Figure 3. Nano-immunotherapy based on targeting cancer cells.

a: The cancer-immunity cycle is often impaired in tumors (depicted by grey arrows). Upon nanomedicine-based targeting of immunogenic cell death (ICD) inducing drugs to cancer cells, tumor antigens and damage-associated molecular patterns (i.e. calreticulin, adenosine triphosphate and high mobility group box 1 protein) are released. Together, these components promote antigen uptake, processing and presentation by antigen-presenting cells, which contributes to the generation of cytotoxic T cells. b: Immunopotentiation exerted by ICD-inducing nanomedicines, such as PEGylated liposomal doxorubicin (Doxil), can be exemplified by the notion that Doxil is significantly more effective in inhibiting CT26 tumor growth in immunocompetent Balb/C mice than in immunodeficient nude mice. The benefit of nanomedicine-based drug targeting to cancer cells was demonstrated by the higher efficacy and lower toxicity of Doxil as compared to free doxorubicin. Adapted with permission from ref. 25. Copyright 2015 Elsevier. c: Nanoparticle-based delivery of ICD-inducing oxaliplatin resulted in stronger immunopotentiation that oxaliplatin in free form, as exemplified by higher levels of CD8⁺ T cells infiltration into Pan02 tumors. In case of non-ICD-inducing gemcitabine treatment, no enhanced T cell infiltration into tumors was observed.
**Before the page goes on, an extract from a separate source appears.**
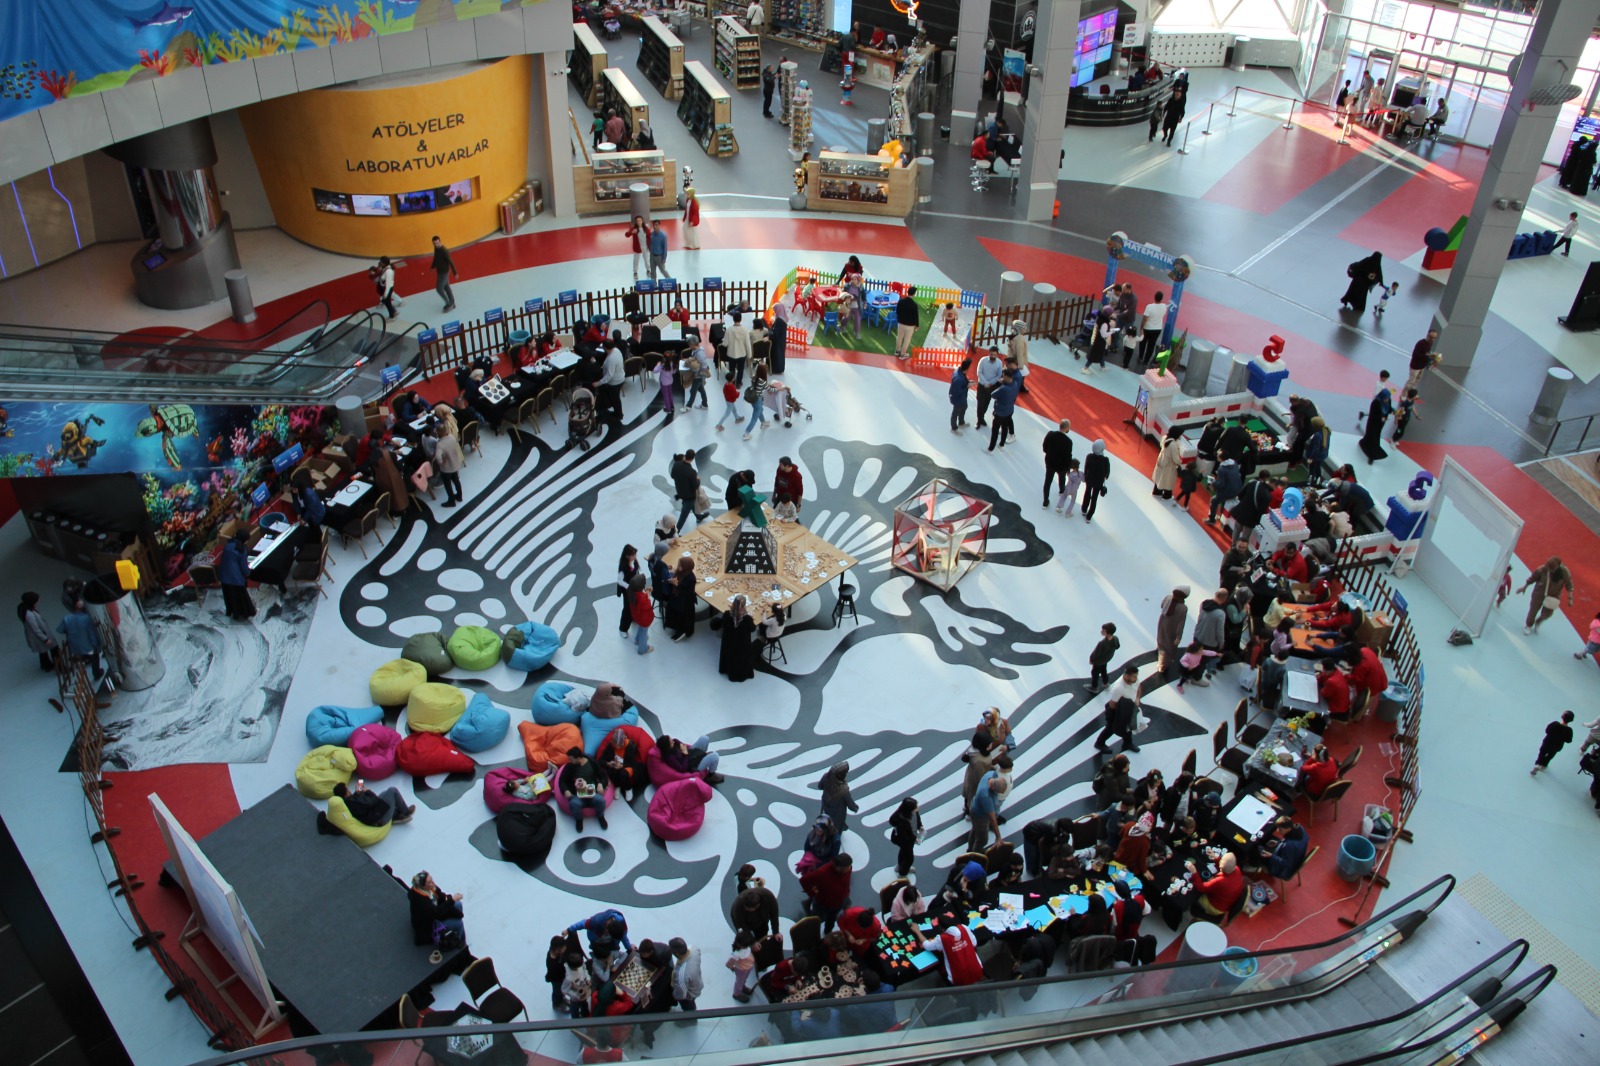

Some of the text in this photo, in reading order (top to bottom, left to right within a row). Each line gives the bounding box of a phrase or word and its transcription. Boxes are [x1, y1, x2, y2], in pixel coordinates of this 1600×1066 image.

[372, 113, 465, 138] ATÖLYELER
[346, 139, 489, 173] LABORATUVARLAR
[416, 139, 428, 152] &
[1123, 240, 1175, 265] MATEMATİK
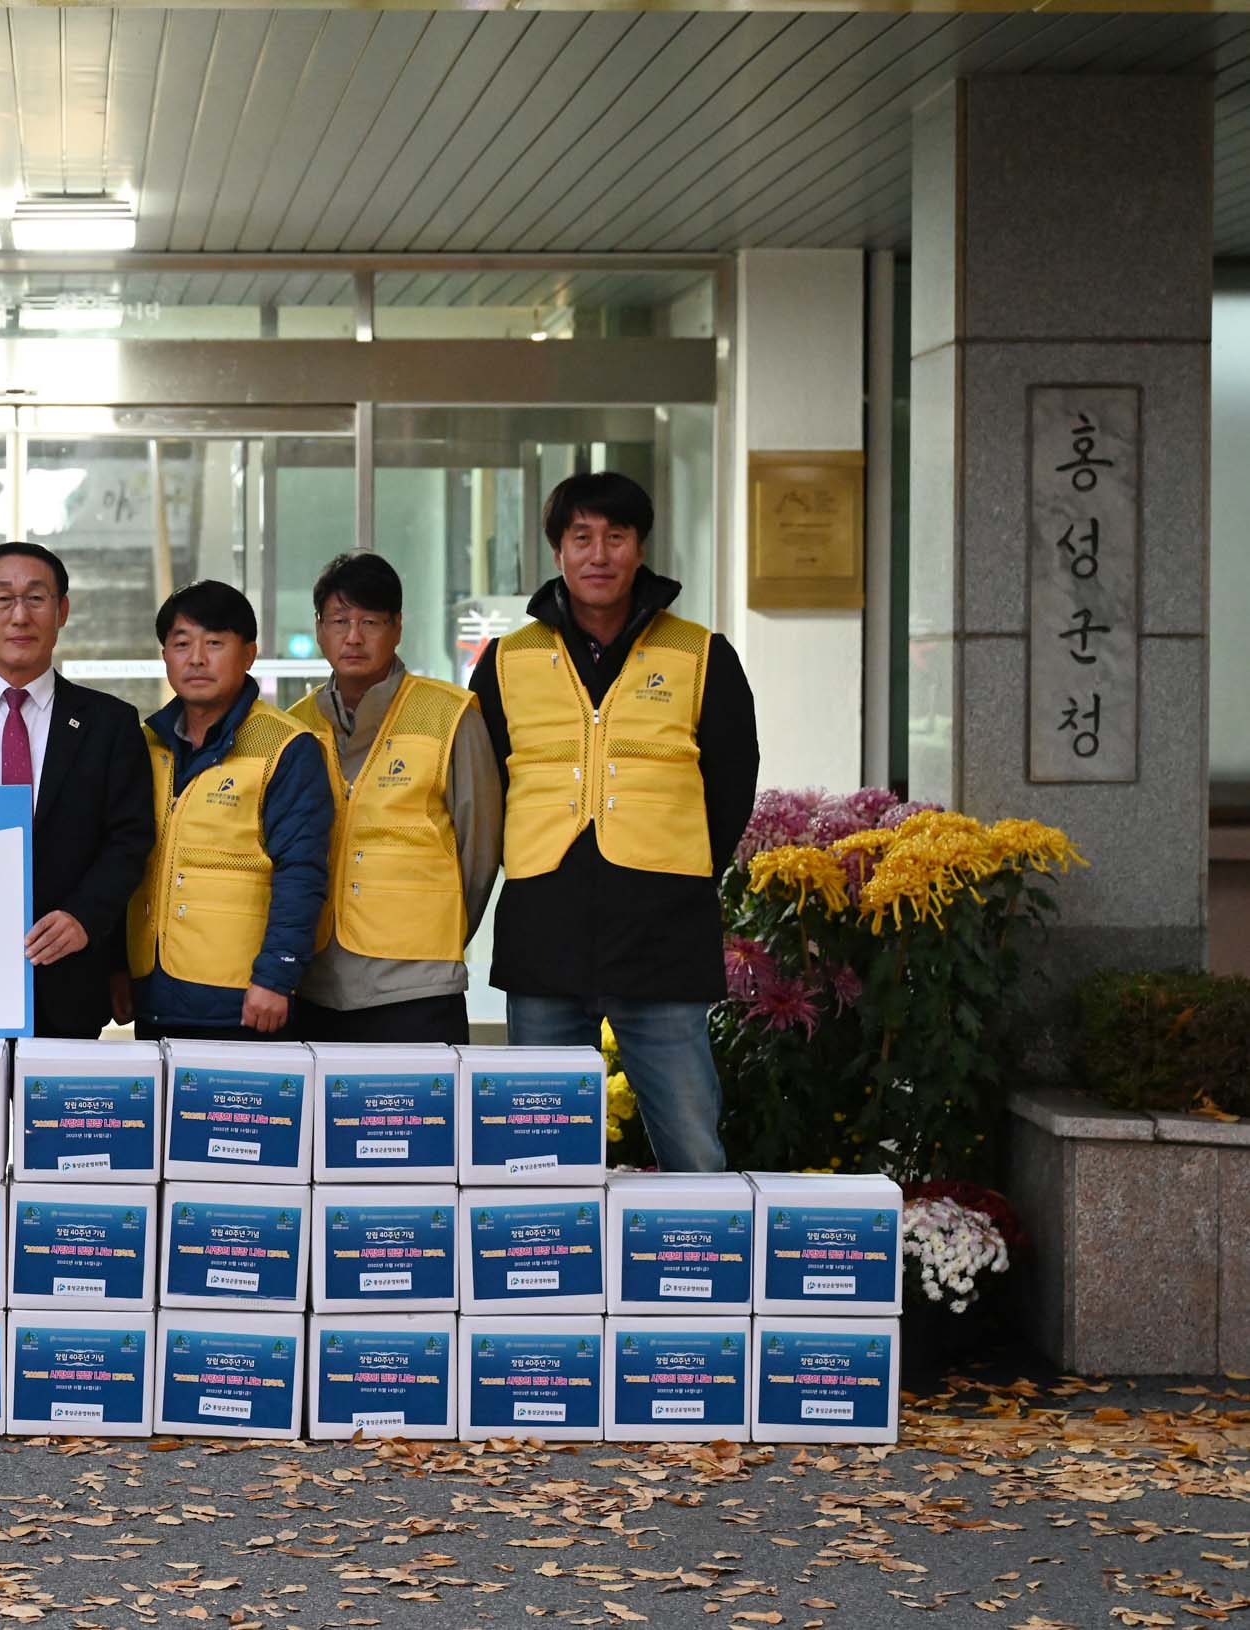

Adapted with permission from ref. 26. Copyright 2016 Elsevier. d: Pyrolipid-loaded nanomedicines induced ICD and potentiated cancer immunity in distant tumors via the abscopal effect, which synergized with anti-PD-L1 antibodies to efficiently eradicate the tumors. Adapted with permission from ref. 27. Copyright 2013 American Chemical Society.